Within the growth model community, there is a huge push for value added growth as opposed to growth measured by gains. A gains growth model compares scaled scores from one test to the next (assuming the tests are vertically scaled); a value added growth model uses linear regression to predict a student’s growth. The value added advocates will describe its statistical superiority which is primarily true. The model provides for singling out the effects of various factors that impact achievement, allowing educators to compare students with other students of similar demographics
Problem 1: While value added advocates tout its statistical superiority, there is little talk about its philosophical inferiority. Linear regressions are based on statistical tools that compare students against students. These tools analyze the score distribution of the large group (usually statewide data) and predict where students should have scored based on the other students. In other words, it is the testing equivalent of grading on the curve!

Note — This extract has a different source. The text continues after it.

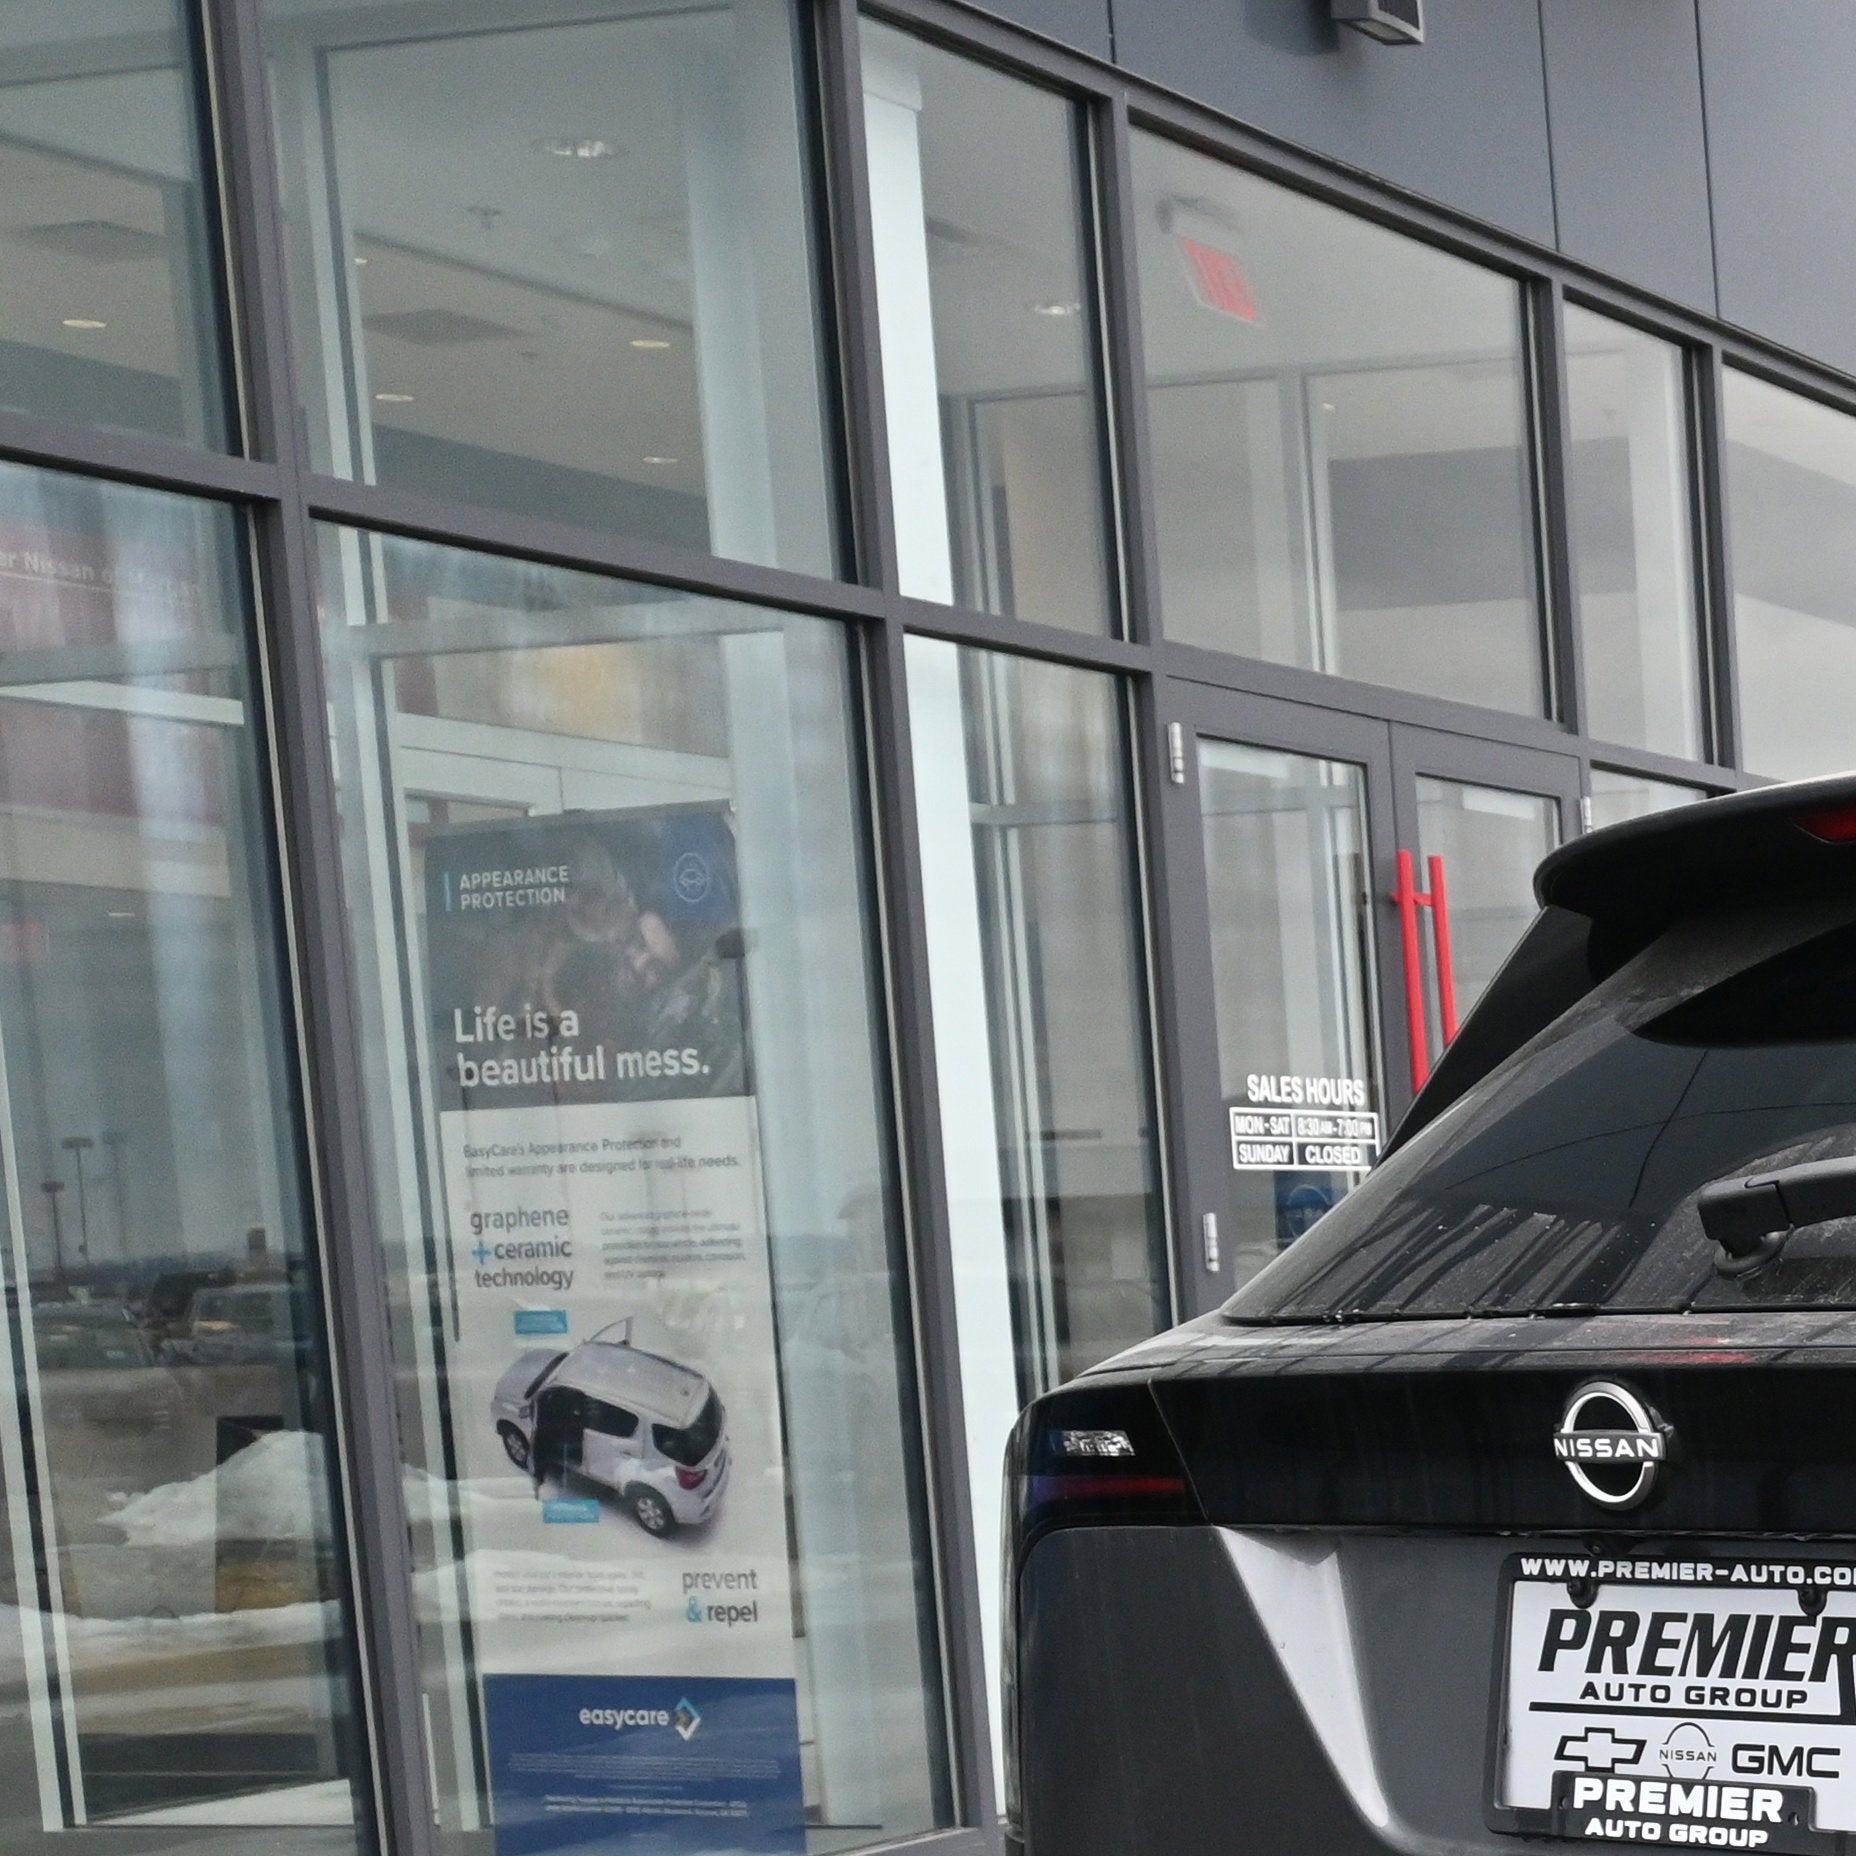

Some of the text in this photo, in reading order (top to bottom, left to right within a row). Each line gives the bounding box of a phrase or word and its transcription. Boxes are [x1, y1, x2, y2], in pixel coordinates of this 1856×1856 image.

If value added models are applied to incentives for a smaller segment of the large group, say a dozen districts against state data, you could make a weak case for some justification that all 12 districts still have the potential to make incentives. The limitations of value added growth models surface when incentive programs are broadened to the level of the large group, say a state-wide program. No matter if all teachers make significant progress over the course of a year, half will win and half will lose. It is the old game of having to score better than your neighbors to get your incentive.
Yes, even though value added models can add in factors so students are compared to similar demographics, it is still based on variance from the mean. They still have to beat the curve of their demographic group.
Problem 2: value added is a complex “black box” process that isn’t easy for educators grasp and see what needs to be done at an individual level. If the essential information provided by any growth model is primarily a “Yes-you-made-it/No-you-didn’t” form, it gives educators few useful tools to help work toward improvement.
Why should educators care? On the national scene, there is a growing push for broadening the utilization of incentives and using growth models as a major determiner of the incentive (Arne1 and Arne2).
The most valuable experience with our own incentive project so far has been this observation: effective systems reinforce educators (administrators and teachers) working, sharing, communicating together to improve the achievement of all students. The weaknesses of value added models are systemic challenges that work against these principals. Not to say that gains growth models don’t have just as long a list of problems when applied to incentives. But the issue is less the about the merits of each growth model–rather the issue is the lack of depth for discussion on how growth models are utilized to improve instruction (another future blog topic). Just having a statistical model to differentiate the incentives is the small part of the picture.
Nationally we are diving head first without enough thought to the systemic ramifications. It is vitally important that educators get up to speed on incentives and growth models to ensure the right questions are asked before programs are implemented.